Spectral Denoising

Denoising of signals distorted by an additive nonstationary noise is of great interest in many applications even beyond speech signal processing. Since a time-frequency representation of speech signals is sparse, an enhancement  of the short-time Fourier transform (STFT) coefficients of a single-channel noisy signal is often used to remove noise. Such spectral speech enhancement systems usually work in two domains, first, in the power spectral density (PSD) domain to estimate a PSD of the noise signal and, second, in the signal-to-noise ratio (SNR) domain to calculate a spectral gain function, which is used to enhance the noisy STFT coeffitients.
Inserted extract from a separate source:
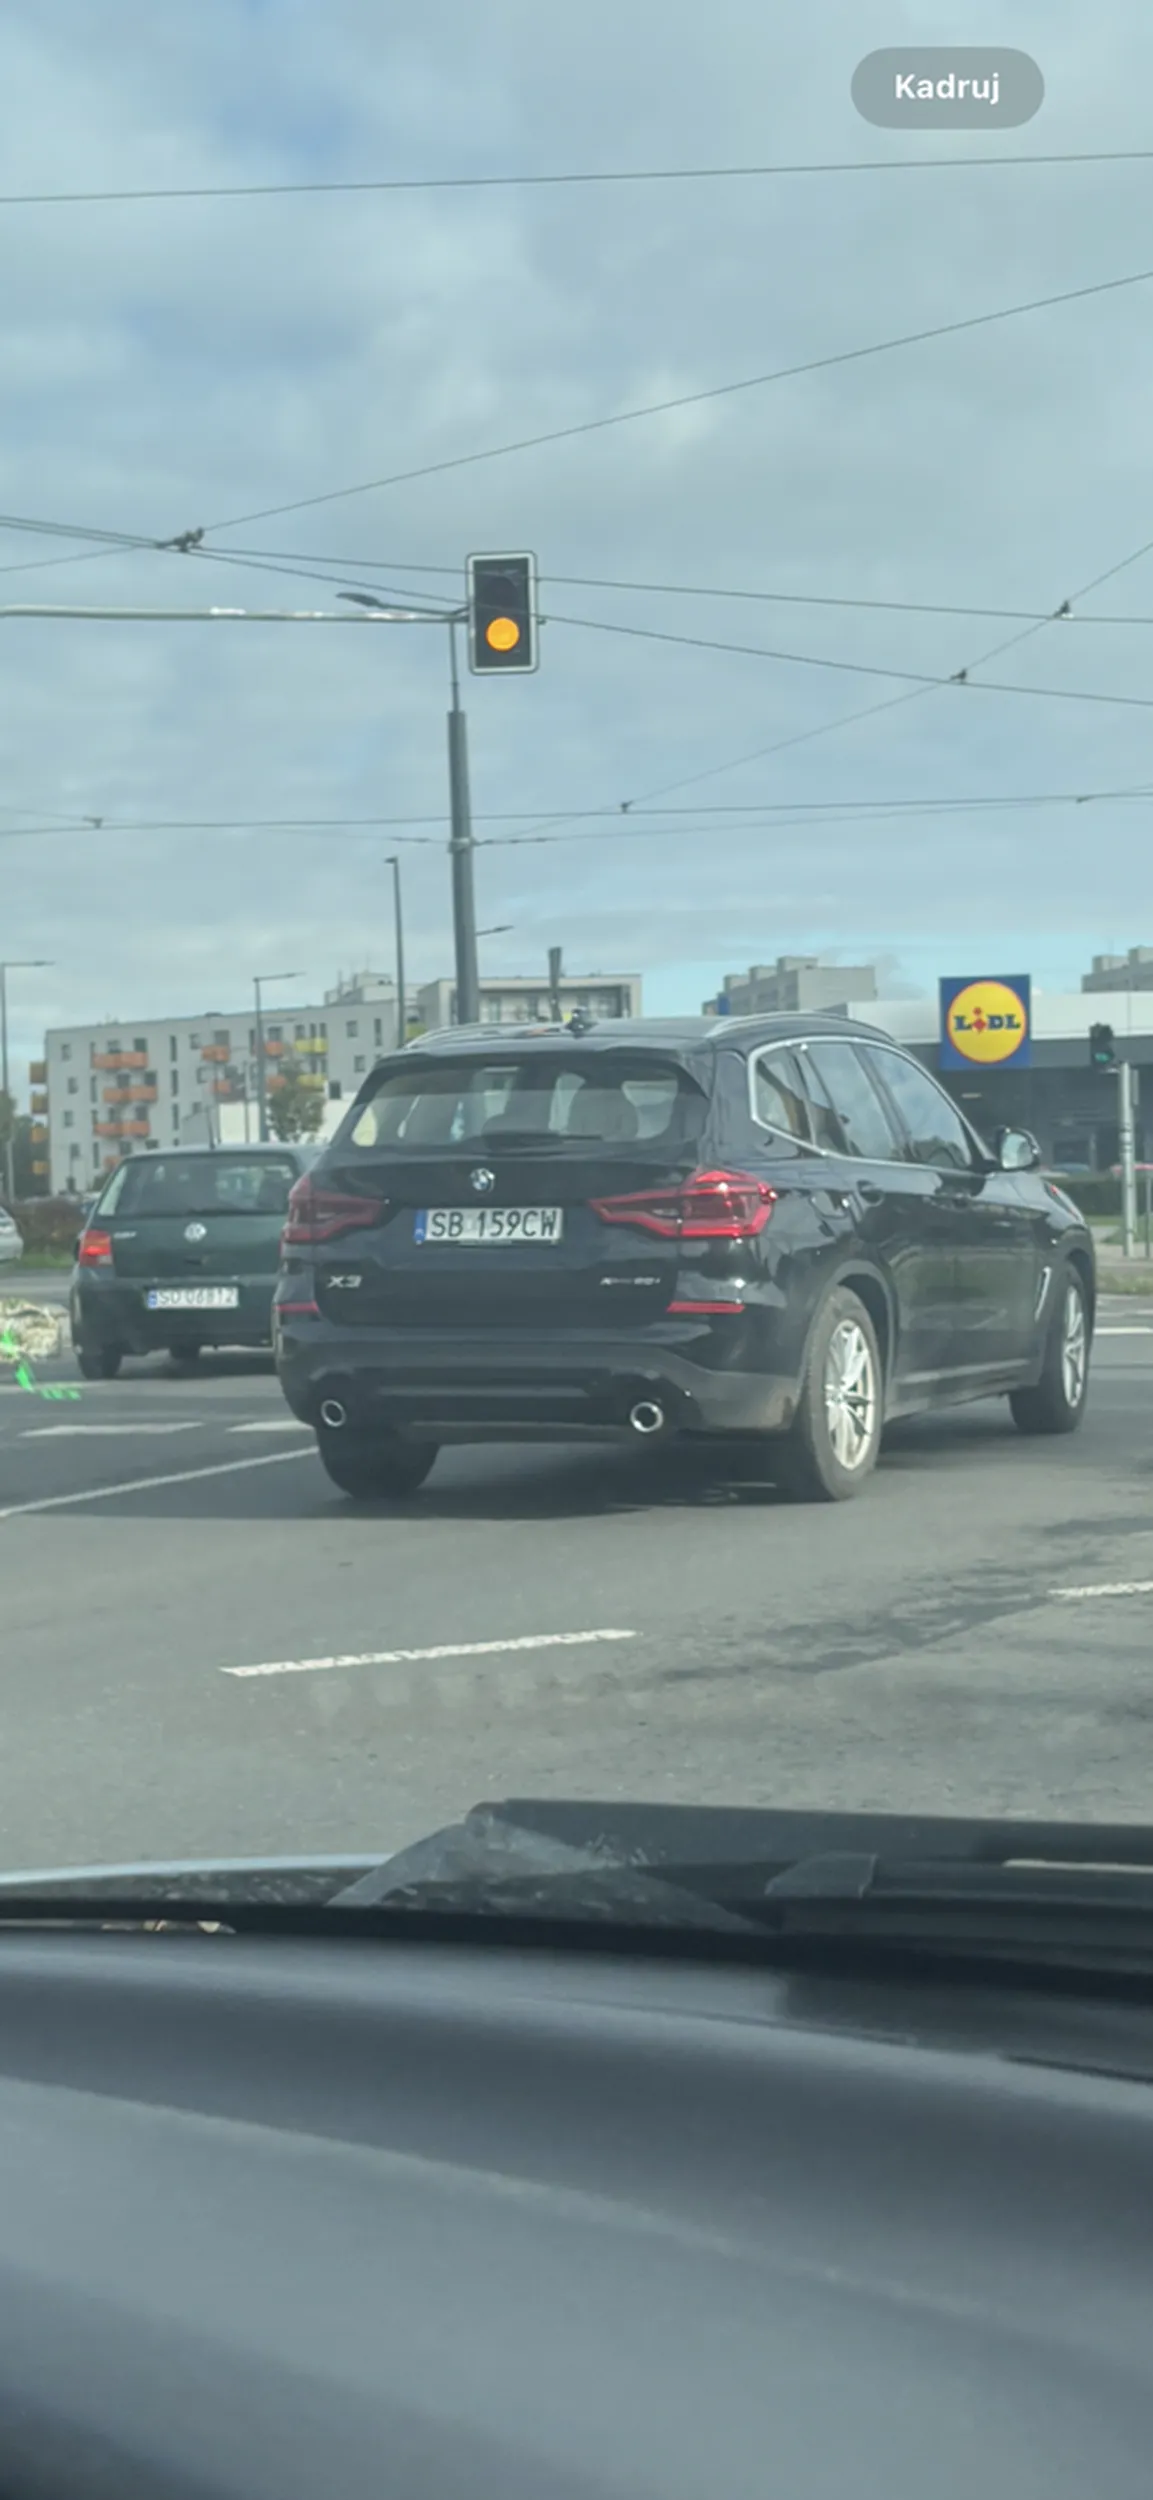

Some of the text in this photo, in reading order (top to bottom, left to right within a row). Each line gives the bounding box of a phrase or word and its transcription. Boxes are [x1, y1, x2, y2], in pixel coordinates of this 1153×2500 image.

[431, 1209, 557, 1237] SB 159CW
[327, 1274, 362, 1288] X3
Since clean speech and noise signals can be satisfactorily modelled as two independent random processes, statistical model-based approaches can be developed for denoising.

Noise PSD estimation

Estimation of spectral statistics of the noise signal is a challenging task especially in the presence of nonstationary noise. Considering that the signal processing in the SNR domain depends on the quality of the noise PSD estimation, robust and accurate estimators are required here.

Spectral enhancement

From the noise PSD estimate, a so called a posteriori SNR can be calculated, which acts as an input value of the signal processing in the SNR domain. Three different modules can be applyed in the SNR domain for the spectral magnitude denoising:

  • a priori SNR estimation,
  • speech presence probability estimation,
  • calculation of a spectral gain function.